Another option that's totally free is to use Tor. Traditionally thought of as "The Dark Web", Tor allows sites to run in a fashion that makes it difficult to identify where they actually are but it also enables people to browse the "clear web" anonymously. The Tor browser bundle can easily be installed on Windows, Mac or Linux and is a pretty familiar experience:
The difference to browsing with, say, Chrome on the desktop though is that your traffic is routed through multiple nodes along the way such that your source IP address is not presented to the site you're browsing. This now puts us somewhere altogether different:
Furthermore, it's easy to take a new identity within the Tor browser and jump out through another exit node and consequently obtain a new IP address. But there are problems with this approach too; for one, you're entrusting your traffic to some unknown party running an exit node. Traffic sent over HTTP (not HTTPS) can be observed and manipulated via someone running a malicious exit node. You'll also run into trouble with many sites treating Tor traffic as suspicious. CloudFlare recently wrote that 94% of the traffic they see from Tor is Malicious and consequently they continually pop up a CAPTCHA by default (this blog routes through CloudFlare but I've disabled that "feature" for Tor traffic). Even just loading that IP address checking site above resulted in me having to answer multiple CAPTCHAs and it's not a pleasant browsing experience.

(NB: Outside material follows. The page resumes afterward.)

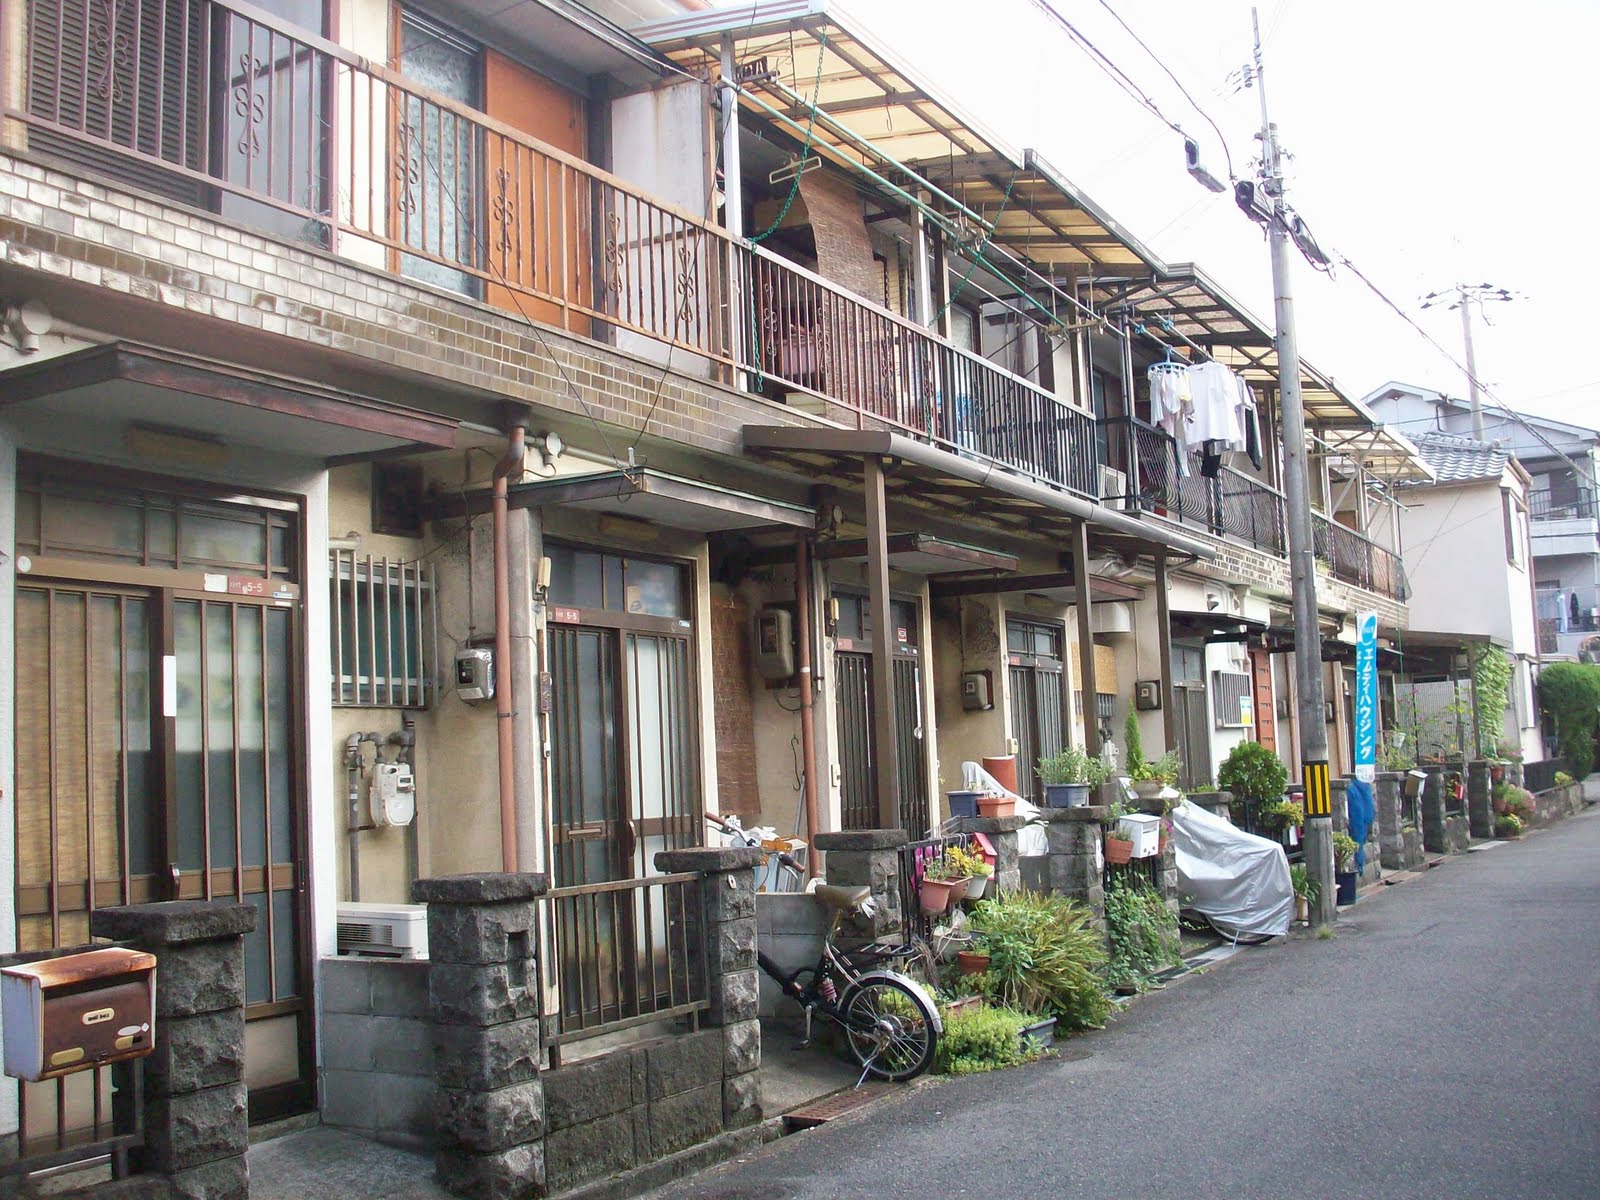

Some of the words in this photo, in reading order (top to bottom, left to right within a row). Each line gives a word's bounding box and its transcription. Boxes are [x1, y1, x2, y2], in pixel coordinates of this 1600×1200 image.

[247, 582, 263, 593] 5-5
[1360, 648, 1373, 760] エムティハウジング

None of these approaches are foolproof and all of them carry some burden of overhead with them, but for "normal people" (that is not techies or those worried about government interception), a good VPN and Incognito mode goes a very long way to protecting your identity. Just don't forget to enable the VPN before browsing!
Summary
For the purposes of protecting yourself from incidents such as I opened this blog with, most people are simply looking for one degree of separation from the site. This means that they don't want to give the site anything personally identifiable, but they may be happy to give other services upstream of there certain info. Think about this carefully when you create accounts; who are you giving personally identifiable data attributes to and where might they be passed on to?
I'm also conscious that the guidance here could be used to hide identities on sites that most reasonable people would not like to see others participating in. The advice above is not going to entirely circumvent law enforcement - it's not supposed to - it's simply there to enable you to participate in communities where anonymity is important. Start throwing in police surveillance, court orders and data requests of service providers and the wheels will fall off very quickly.
Online privacy is not necessarily about having something to hide, it's often about simply not wanting to share certain activities. If you consider that everything you do on the web might one day become public, you may well find there are classes of site you use where privacy is actually rather important.